The reason I find your reference of Mr. Hill's description as being "vague" interesting is that this seems to be the standard Lone Nut answer whenever Mr. Hill's descriptions of the wound are discussed. I spent a good deal of time on the JFK Assassination Forum, a veritable hotbed of Lone Nuts and insanity, and this was always how Mr. Hill's testimony was described.

Mr. Speer, do Lone Nuts have a handbook they work from? Are there instructions in it to always refer to Mr. Hill's early statement and testimony as "vague" and thereby denigrate what is damaging evidence to the Warren Commission?

No, Robert, there is no handbook that LNs work from. Although I am not a LN, I have discussed the case with enough of them to feel quite sure they are lone nut theorists, much as many of us here are conspiracy theorists. They are assassination buffs who have come to a different conclusion than us, that is all. Many of them come to this conclusion for reasons other than the evidence, much as many CTs come to be CTs for reasons other than the evidence.

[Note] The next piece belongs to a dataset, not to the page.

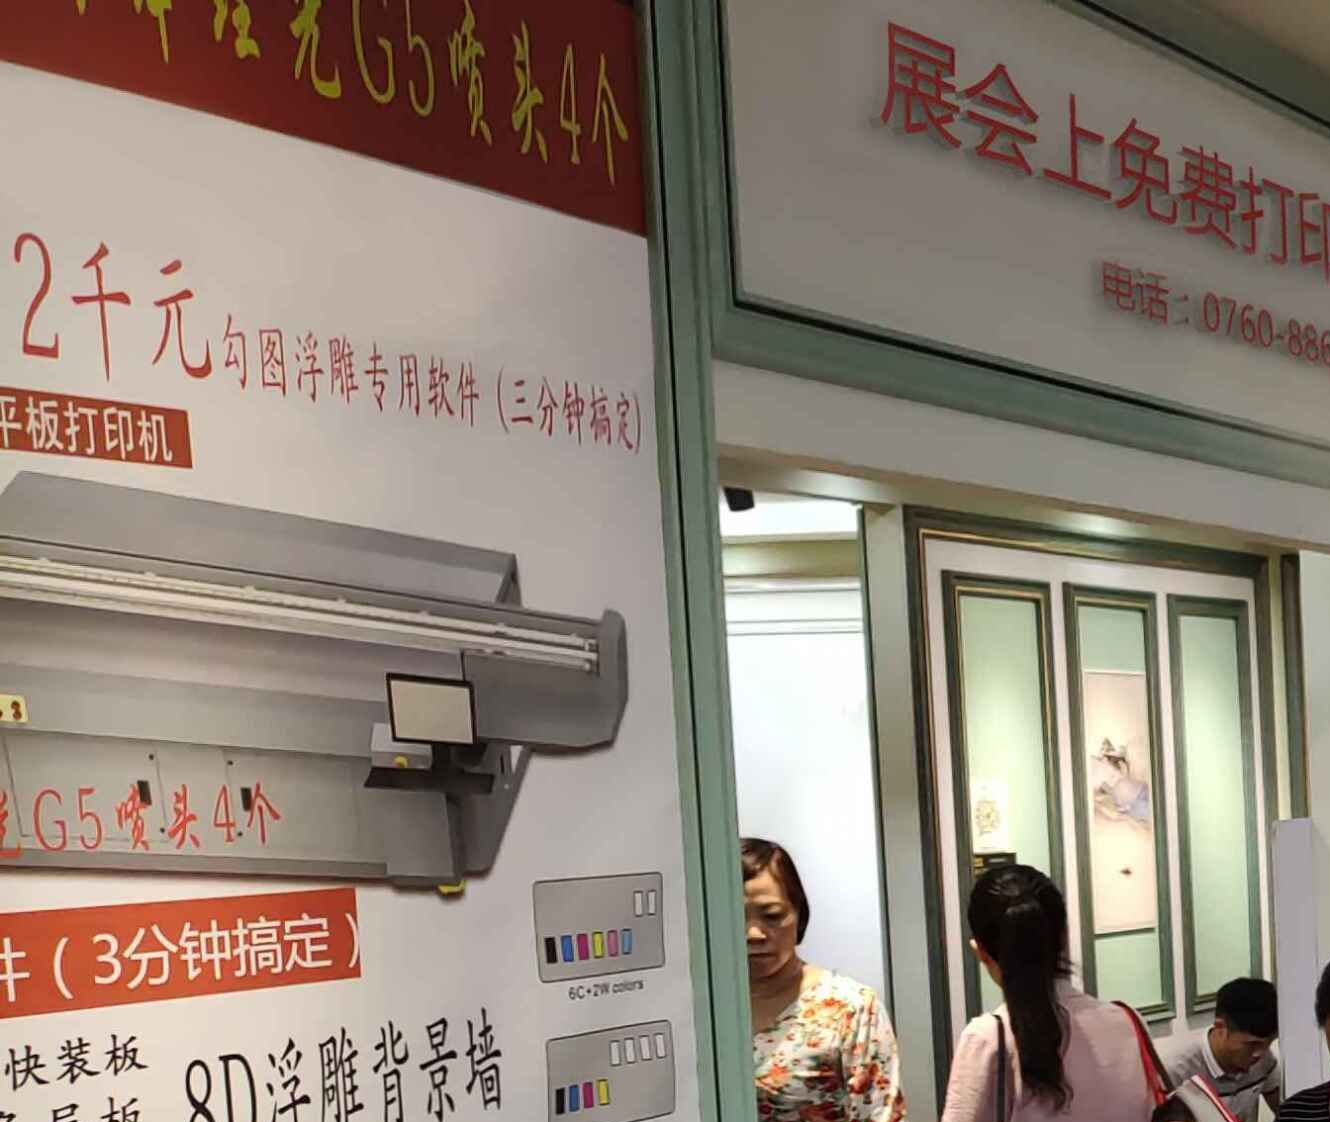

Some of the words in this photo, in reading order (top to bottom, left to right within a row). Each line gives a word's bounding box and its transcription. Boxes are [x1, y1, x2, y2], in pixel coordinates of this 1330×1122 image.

[0, 395, 174, 462] 平板打印机
[568, 982, 610, 1001] 6C+2W
[612, 979, 645, 994] colors
[4, 1033, 149, 1092] 快装板

As far as Hill's original statements being vague, that is not spin, but simple fact. What does "right rear" mean? While one might be tempted to assume this means "right rear quadrant" you know what happens when you assume. Hill continues to say "right rear," but now sometimes adds "above the ear" or points out a location "above the ear." Do you have any evidence that his opinion on this has changed? Of course not. It's perfectly reasonable, then, to gather from Hill's statements that he considers the area above the ear to be on the "right rear" of the skull.

And I sort of see his point. If someone hit me from behind on a location above my right ear, I would almost certainly tell people I was hit on the back of the head. Our minds are face-centric, in that we tend to think of our faces as the front half of our head, and everything else on the back half.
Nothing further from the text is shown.